Hardware: Parallel Processing and Exponential Power
The second part of the AI story is the hardware, specifically Graphics Processing Units (GPUs). The company Nvidia, now the world’s richest company, initially produced GPUs for video gaming. Traditional CPUs could not handle the computing demands of modern high-resolution screens (like 4K displays), which require over 700 million calculations per second just to control the color of every pixel.
Nvidia developed parallel processing to solve this, in contrast to the CPU’s slower batch processing (performing one action and then one output). Parallel processing allows millions of relatively simple calculations—like determining a pixel’s color—to be performed all at once.
These parallel processors have two crucial attributes for AI:
- Speed: They can quickly perform the simple sums needed for AI to process individual tokens.
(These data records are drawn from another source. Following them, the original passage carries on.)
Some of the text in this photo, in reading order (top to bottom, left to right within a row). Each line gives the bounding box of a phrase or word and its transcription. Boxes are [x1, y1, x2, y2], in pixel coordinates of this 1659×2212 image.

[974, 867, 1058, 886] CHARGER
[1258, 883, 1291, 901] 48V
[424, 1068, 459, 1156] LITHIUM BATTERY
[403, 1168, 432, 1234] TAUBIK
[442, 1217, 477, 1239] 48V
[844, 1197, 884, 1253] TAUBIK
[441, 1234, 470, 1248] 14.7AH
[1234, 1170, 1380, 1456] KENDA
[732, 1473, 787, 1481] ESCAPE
- Exponential Power: Adding a new chip (a “node”) to a parallel processing network adds exponentially to its overall power. While adding a chip to a normal CPU roughly doubles the speed, adding a node to a network rapidly increases the number of connections, making the entire unit dramatically more powerful.
This exponential power is driving a “headlong rush” to build the biggest data centers, often resulting in huge demands for electricity and water. A system with 200,000 chips is not just slightly better than one with 150,000 chips—it is significantly better. This volume is the point of power.
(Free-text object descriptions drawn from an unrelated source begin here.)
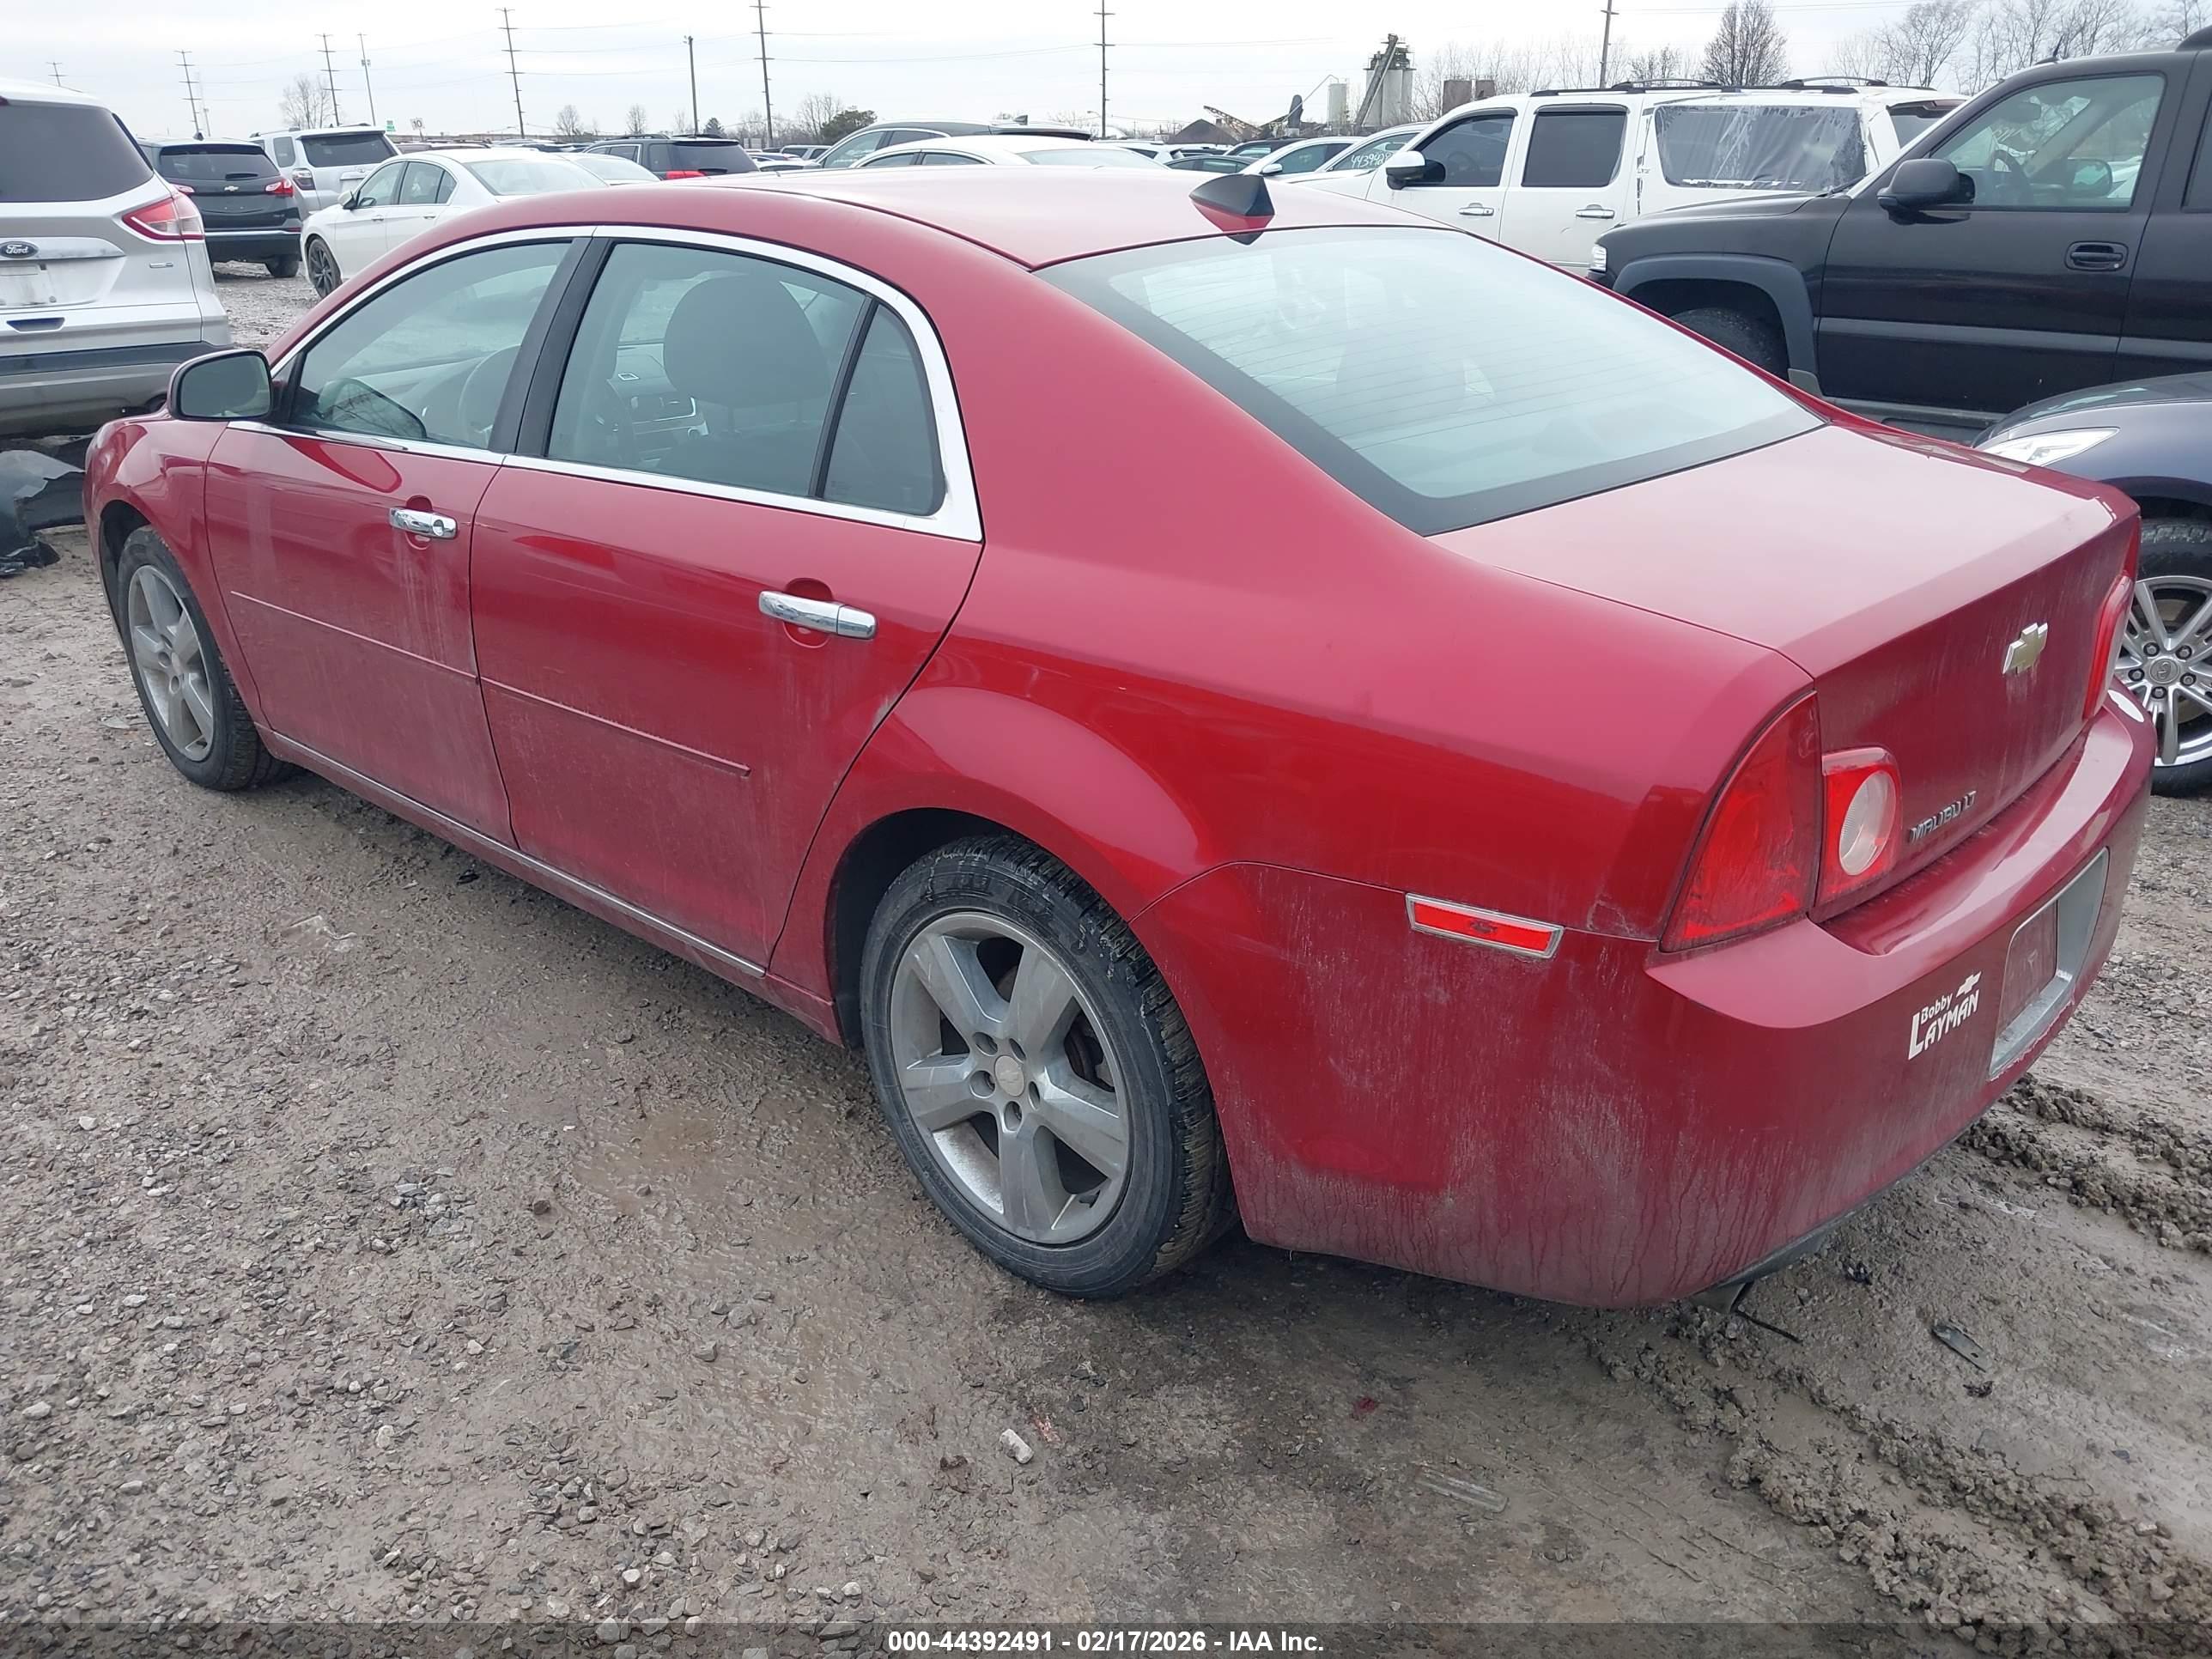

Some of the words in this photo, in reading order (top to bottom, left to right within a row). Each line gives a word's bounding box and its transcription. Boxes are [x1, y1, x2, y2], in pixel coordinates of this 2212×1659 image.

[6, 244, 28, 254] Ford
[1908, 800, 1962, 845] MALIBU
[1963, 790, 1977, 810] LT
[1908, 988, 1980, 1060] LAYMAN
[1920, 993, 1954, 1024] Bobby
Moore’s Law predicted that CPU speeds would double roughly every 18 months for over 50 years; today, we are witnessing GPU processing power quadruple in a single year. Estimates suggest that AI will be 10 times more powerful in 12 months than it is today.Applications in Healthcare and Law
AI represents a new form of computing that works closer to the function of human brains. As such, it is extremely well suited for fields like healthcare.
A doctor’s diagnosis is not a simple spreadsheet operation based on rows and columns (symptom X for Y long equals Z illness). Rather, it involves weighing many variables—the severity, location, and duration of pain—where each variable has a different weight. AI is fundamentally built to make these complex associations. It can look at symptoms, spot subtle differences in an X-ray or a page of cells, and identify areas that require more investigation.
The same suitability applies to legal cases, where lawyers must remember hundreds of different factors and learn from experience. With its increasing speed and intelligence, AI is set to play a fundamental role in both healthcare and law.